La longueur des jours d'hiver
C'était comme si un vaisselier entier était tombé et toute la belle porcelaine venait de se briser sur le sol dur et froid en un instant. Sans la possibilité de tout reconstituer. Ce qui était brisé ne peut pas être reconstruit.
Shoko regarda le corps de Gojo coupé en deux. Elle était médecin. Et elle avait beau maîtriser le sort d'inversion à la perfection, elle savait que ce n'était pas réparable. C'était parce qu'elle était médecin qu'elle le savait.
Elle ne bougeait plus. Sa cigarette tombée au sol et abandonnée depuis longtemps. Les mains vides. Sans rien à triturer pour faire semblant que rien ne l'atteignait. Qu'elle était détachée de tout.
Parce que ce n'était pas vrai.
Alors que les élèves tombaient plus ou moins en état de choc, elle sentit un regard peser sur elle. Puis un deuxième. Les deux seules qui la regardaient elle plutôt que le corps mutilé sur l'écran. Utahime voulait s'avancer, dire quelque chose mais elle ne savait pas quoi. Mei-Mei savait que rien ne suffirait.

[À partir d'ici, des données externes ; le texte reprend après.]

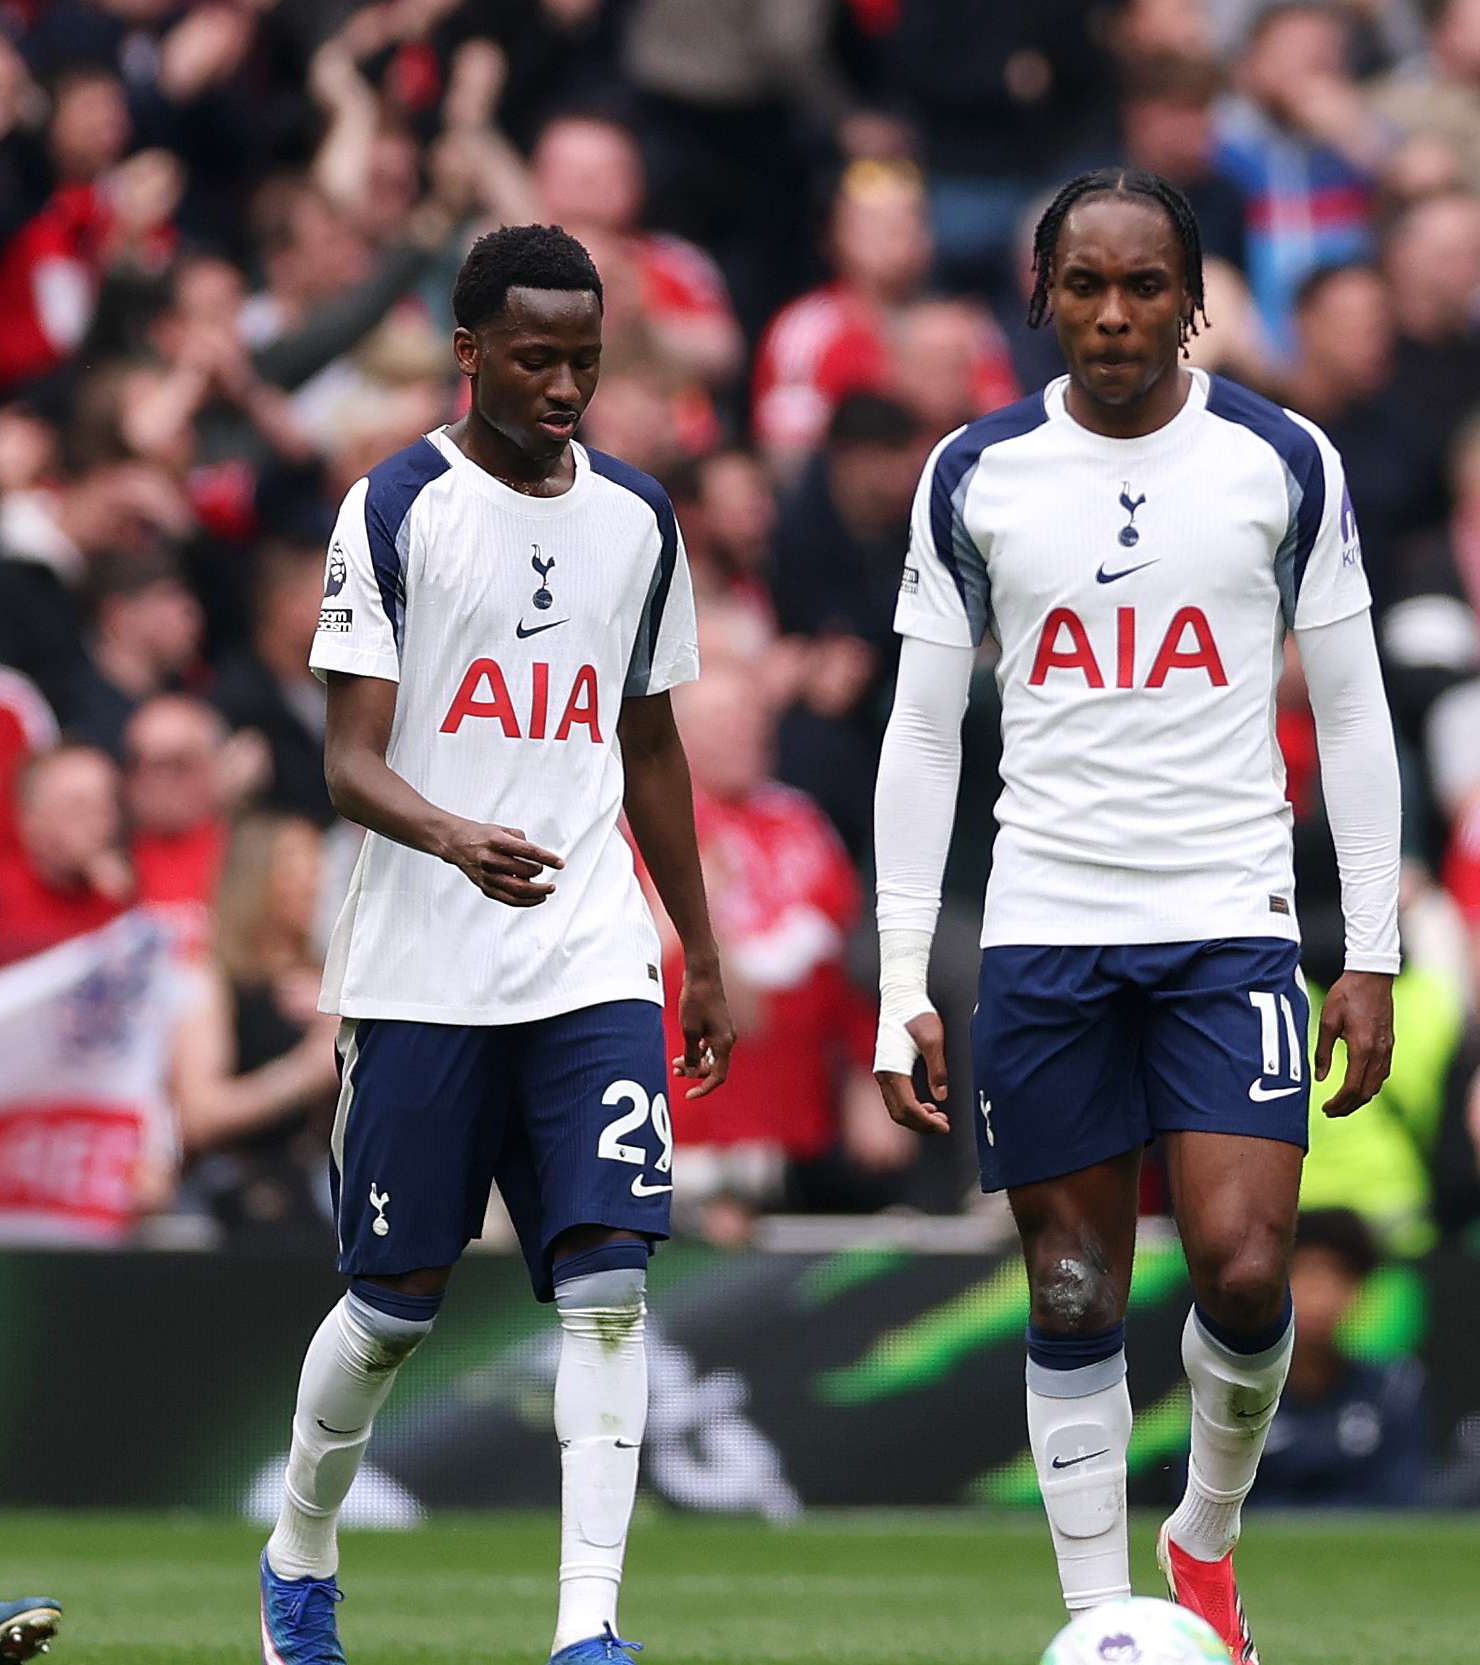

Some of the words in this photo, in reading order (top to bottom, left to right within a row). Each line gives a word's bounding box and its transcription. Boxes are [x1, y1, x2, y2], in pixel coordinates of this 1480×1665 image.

[317, 621, 352, 632] acism
[319, 610, 347, 623] oom
[1028, 606, 1229, 690] AIA
[439, 658, 604, 744] AIA
[1248, 991, 1302, 1083] 11
[597, 1079, 673, 1173] 29
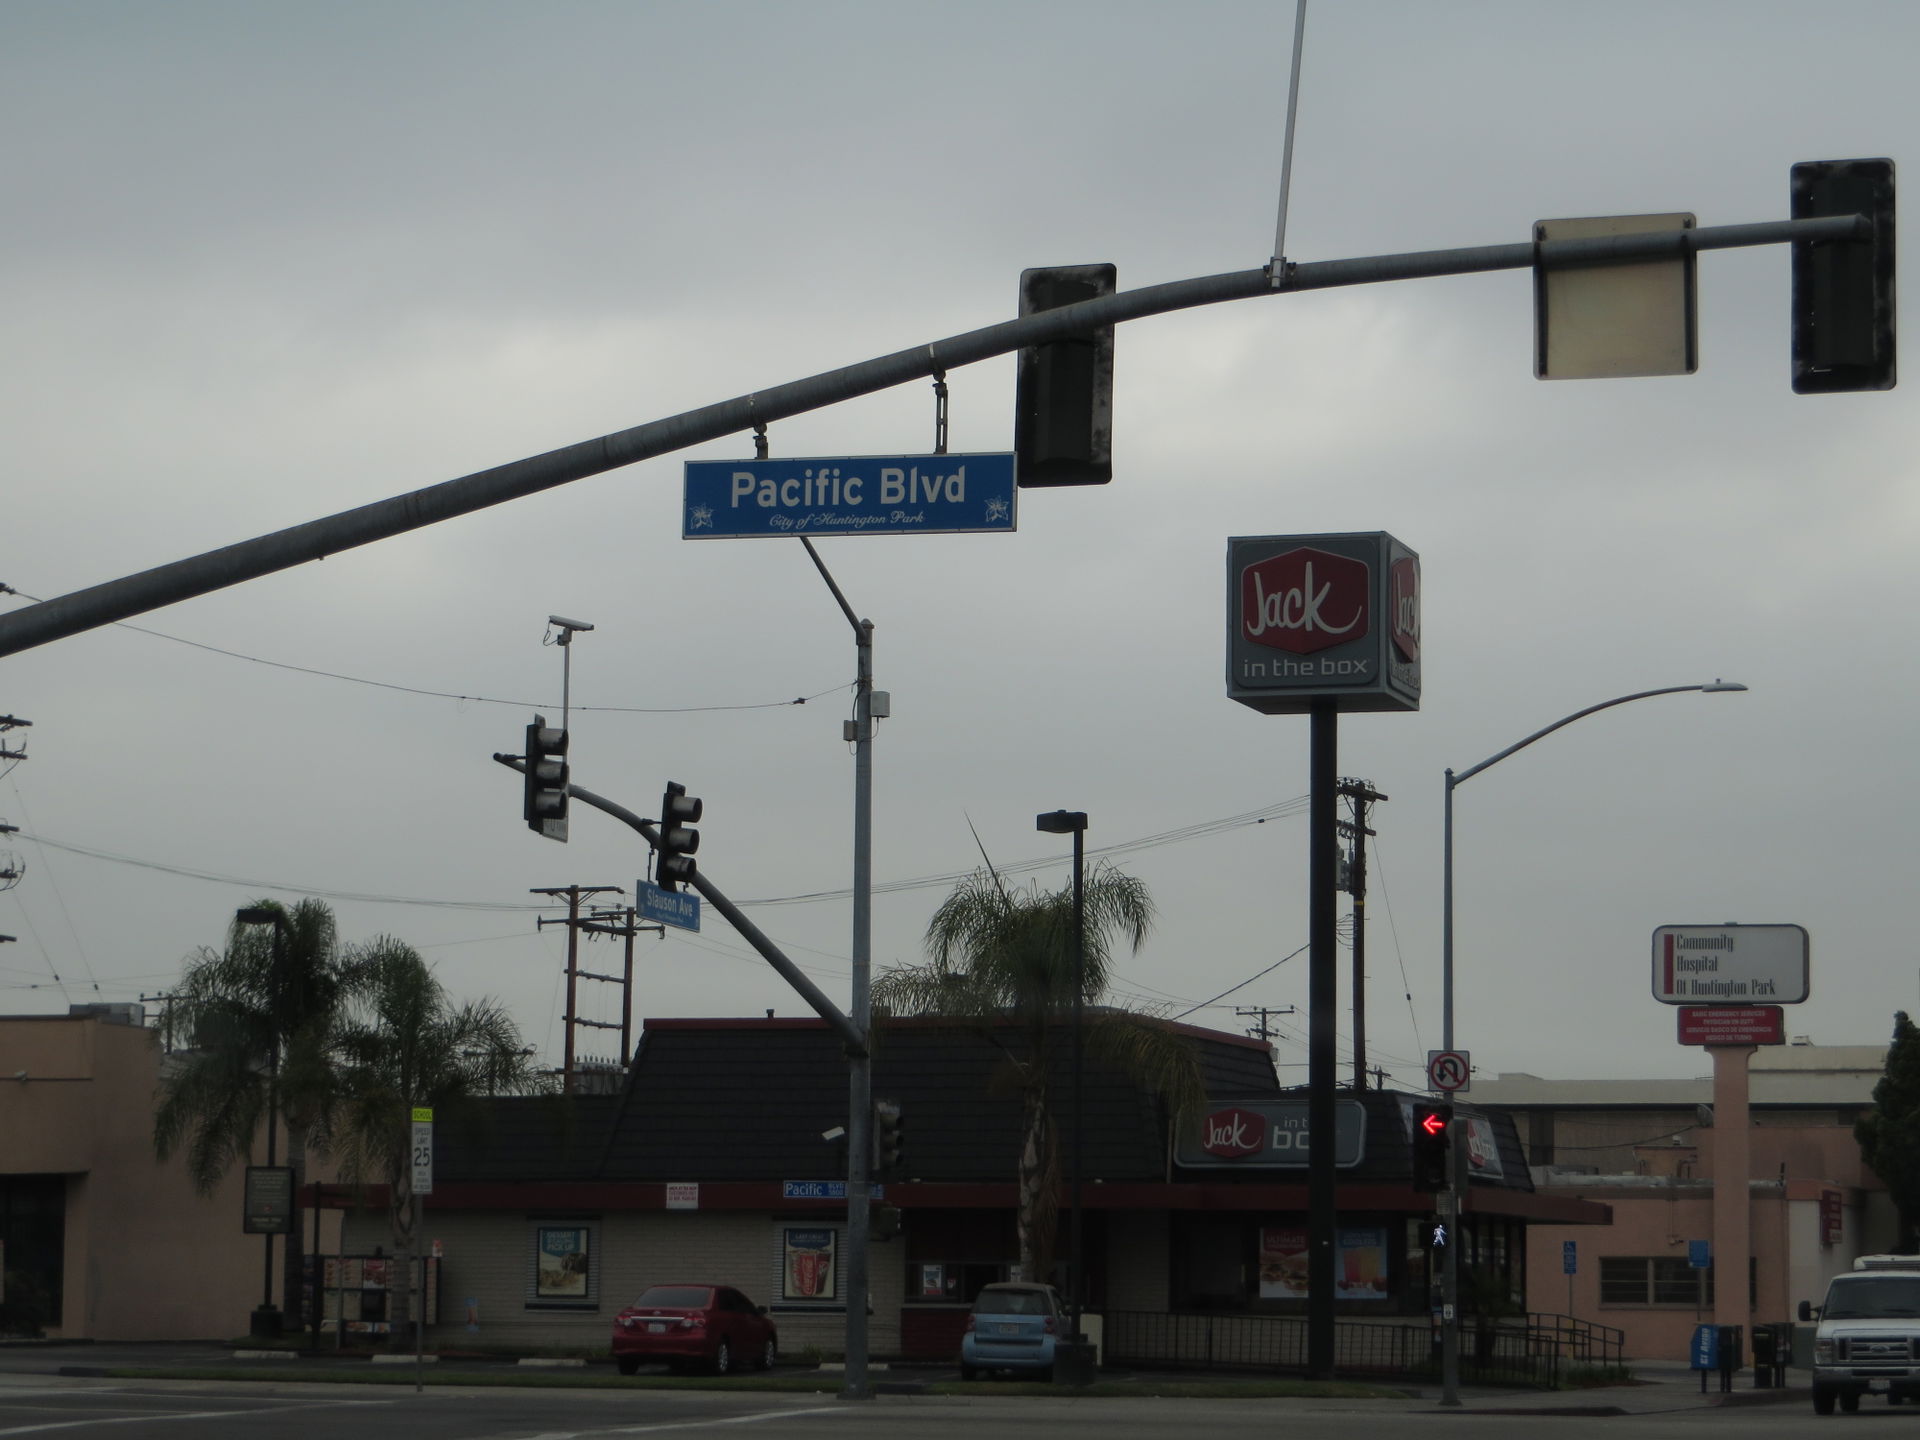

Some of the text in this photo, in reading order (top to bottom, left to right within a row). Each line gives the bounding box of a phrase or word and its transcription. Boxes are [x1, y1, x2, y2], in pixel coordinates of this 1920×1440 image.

[731, 465, 966, 508] Pacific Blvd
[769, 510, 924, 530] City of Huntington Park
[1246, 561, 1363, 637] Jack
[1243, 657, 1368, 677] in the box
[647, 888, 677, 913] Slauson
[679, 898, 693, 917] Ave
[1676, 934, 1734, 952] Community
[1677, 956, 1718, 974] Hospital
[1691, 979, 1747, 997] Huntington
[1751, 979, 1776, 995] Park
[1203, 1113, 1262, 1149] Jack
[1284, 1116, 1298, 1128] in
[1272, 1125, 1310, 1149] bo
[414, 1147, 430, 1167] 25
[785, 1183, 823, 1196] Pacific
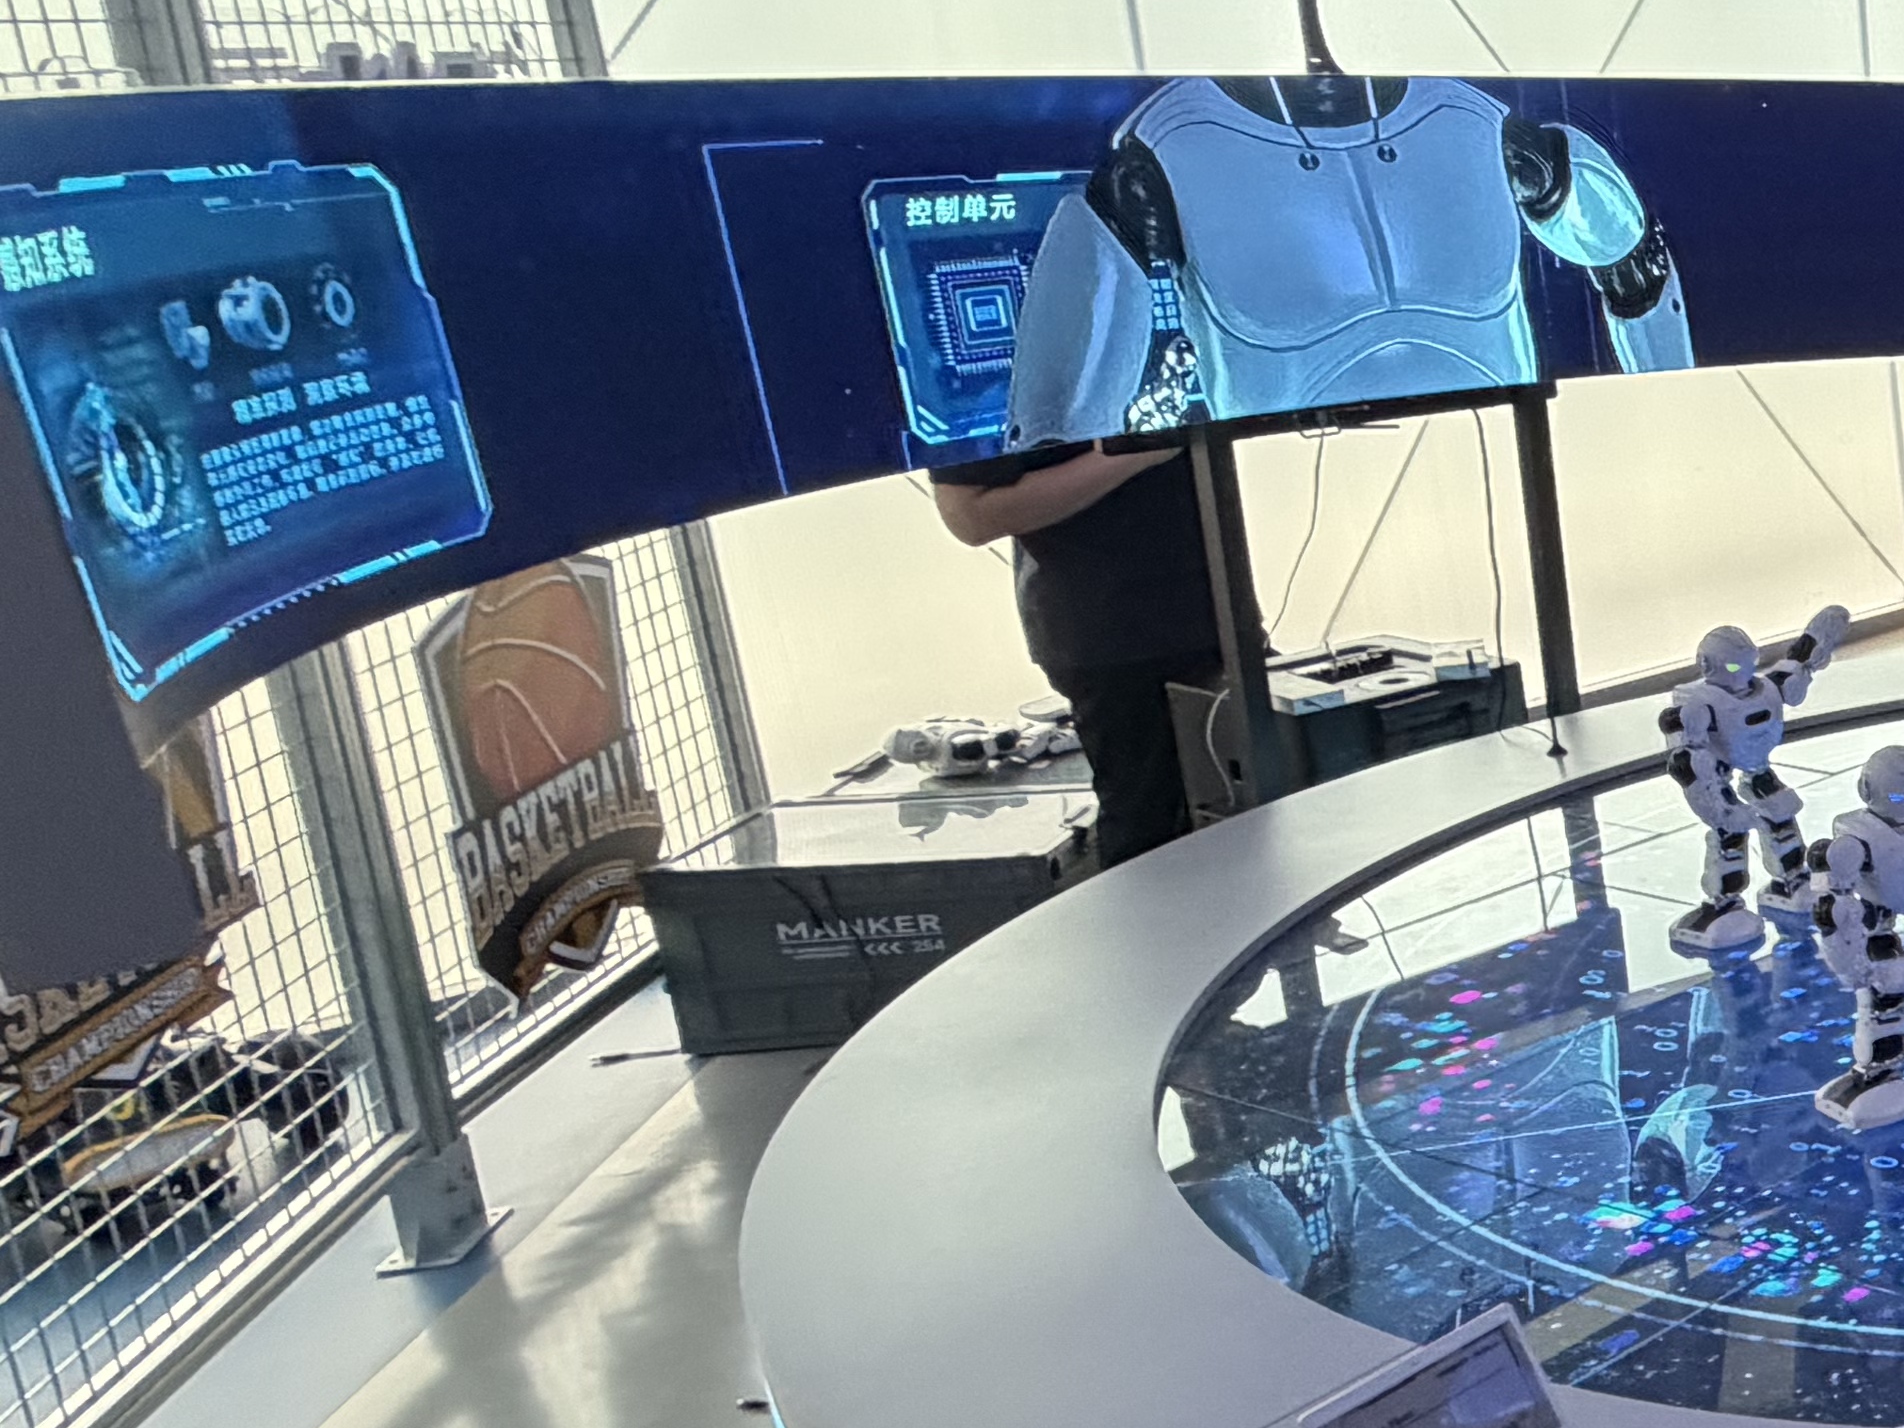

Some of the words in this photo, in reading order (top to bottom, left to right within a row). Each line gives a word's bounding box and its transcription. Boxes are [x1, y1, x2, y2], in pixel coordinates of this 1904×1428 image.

[905, 193, 1016, 227] 控制单元
[777, 913, 943, 942] MANKER

Tout était cassé. Définitivement. Pas de retour en arrière.
La mort était une chose avec laquelle tous les exorcistes devaient faire. Elle est là. A leurs côtés. Plane sur eux, attendant le bon moment. Et finit par s'abattre.
Mais il y a des personnes que l'on pense. Invincibles. Immortelles. La Reine d'Angleterre et Gojo Satoru entre autres.
Shoko avait l'habitude de la mort. Elle la côtoyait d'autant plus que les autres. Mais ce n'était pas pour autant qu'elle s'y faisait.
Haibara.
Ça faisait mal.
Geto.
Ça faisait mal. Mais il n'était pas mort. Juste parti.
Geto.
Encore.
Ça faisait mal.
Nanami.
Ça faisait mal.
Yaga.
Ça faisait mal.
Gojo.
Ça faisait mal.
Après le départ de Geto, elle avait regardé Gojo s'enfoncer lentement. Personne d'autre ne pouvait le dire. Rien qu'elle. Il n'était plus le même. Il n'y avait plus personne à ses côtés. Même pas elle. Personne ne pourrait jamais remplacer la présence d'un garçon aux cheveux noirs et au rire doux et réprobateur.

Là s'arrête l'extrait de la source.